The research shows how neural networks can help solve fundamental equations in complex molecular systems.
This could lead to practical uses in the future, helping researchers prototype new materials and chemical syntheses using computer simulation before making them in the lab.
Led by Imperial College London and Google DeepMind scientists, the study is published in Science.
Analysing how molecules transition into ‘excited states’
The team used neural networks to investigate the problem of understanding how molecules transition to and from ‘excited states’.
When molecules and materials are stimulated by a large amount of energy, such as being exposed to light or high temperatures, their electrons can get kicked into a temporary new configuration, known as an excited state.
The exact amount of energy absorbed and released as molecules transition between states creates a unique fingerprint for different molecules and materials.
This affects the performance of technologies ranging from solar panels and LEDs to semiconductors and photocatalysts. They also play a critical role in biological processes involving light, including photosynthesis and vision.
Issues with analysis
However, this fingerprint is extremely difficult to model because the excited electrons are quantum in nature, meaning their positions within the molecules are never certain and can only be expressed as probabilities.
Lead researcher Dr David Pfau, from Google DeepMind and the Department of Physics at Imperial, explained: “Representing the state of a quantum system is extremely challenging. A probability has to be assigned to every possible configuration of electron positions.
“The space of all possible configurations is enormous — if you tried to represent it as a grid with 100 points along each dimension, then the number of possible electron configurations for the silicon atom would be larger than the number of atoms in the Universe.
“This is exactly where we thought deep neural networks could help.”
Neural networks can help solve these issues
The researchers developed a new mathematical approach and used it with a neural network called FermiNet (Fermionic Neural Network).
This was the first example where deep learning was used to compute the energy of atoms and molecules from fundamental principles that were accurate enough to be useful.

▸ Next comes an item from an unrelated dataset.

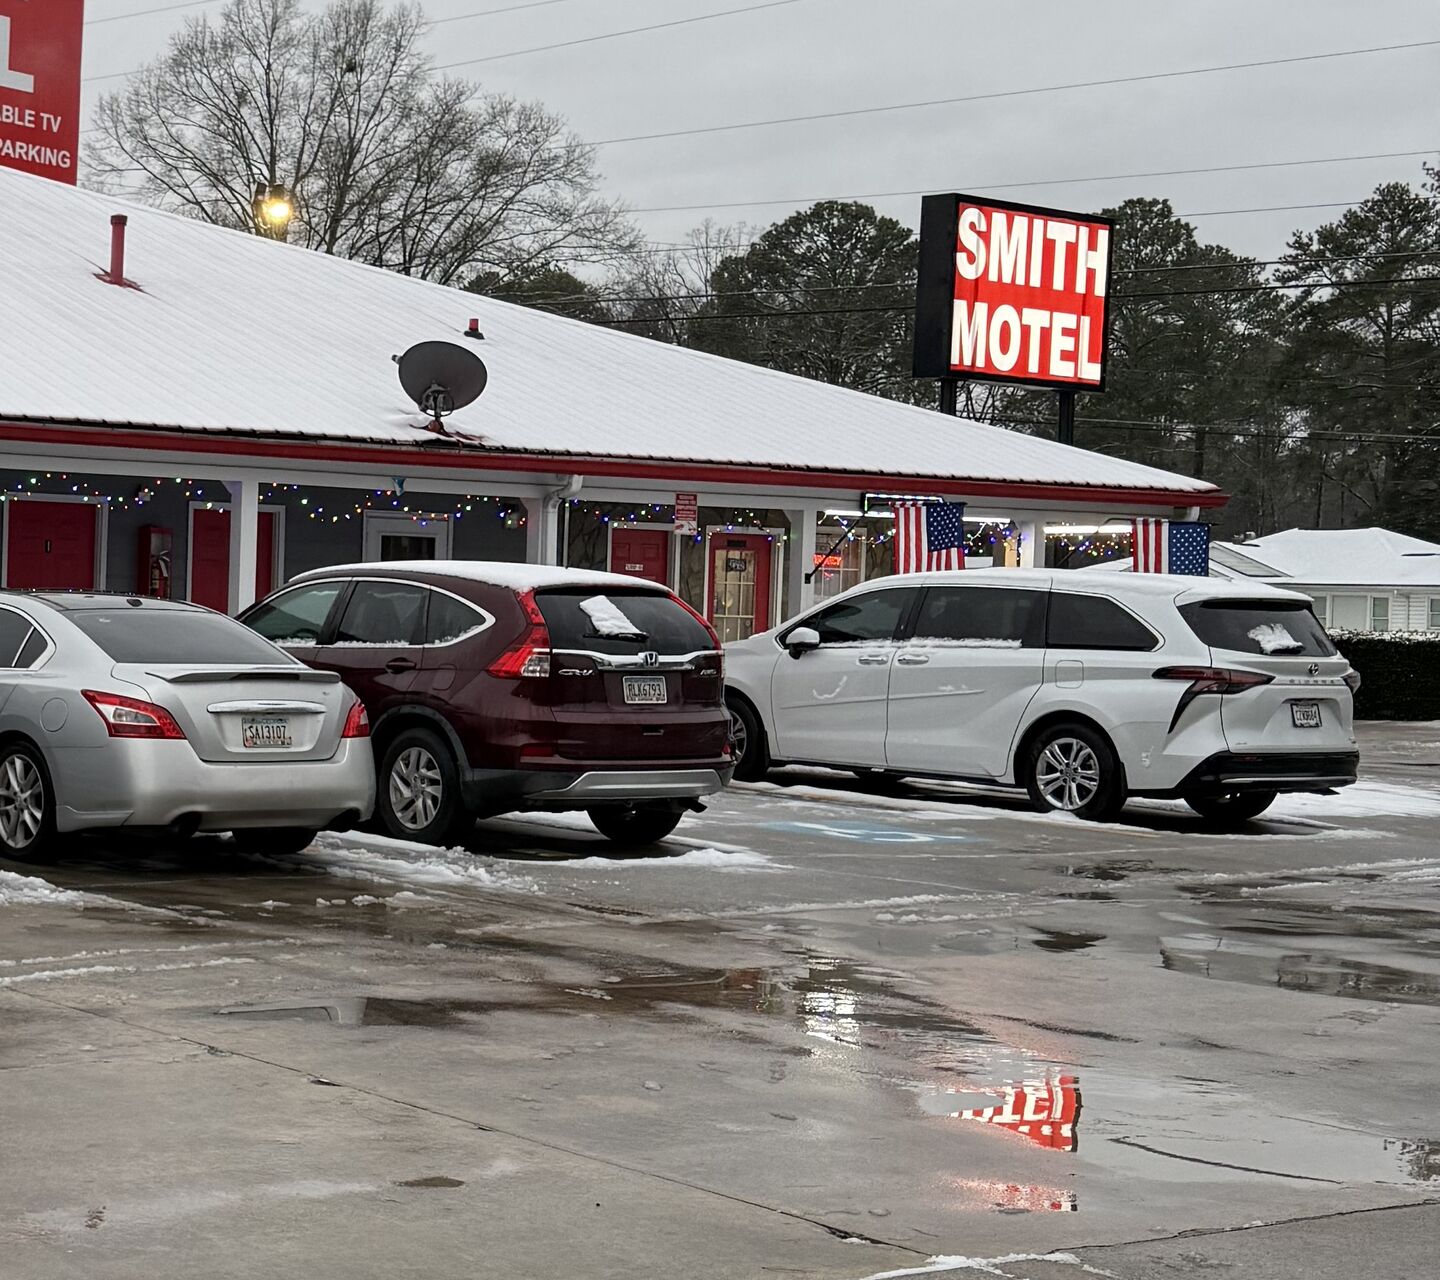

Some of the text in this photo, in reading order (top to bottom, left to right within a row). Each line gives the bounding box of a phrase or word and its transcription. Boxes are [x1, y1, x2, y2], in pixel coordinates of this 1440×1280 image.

The team tested their approach with a range of examples, with promising results. On a small but complex molecule called the carbon dimer, they achieved a mean absolute error (MAE) of 4 meV (millielectronvolt—a tiny measure of energy), which is five times closer to experimental results than prior gold standard methods, which reached 20 meV.
Dr Pfau concluded: “We tested our method on some of the most challenging systems in computational chemistry, where two electrons are excited simultaneously, and found we were within around 0.1 eV of the most demanding, complex calculations done to date.
“Today, we’re making our latest work open source, and hope the research community will build upon our methods to explore the unexpected ways matter interacts with light.”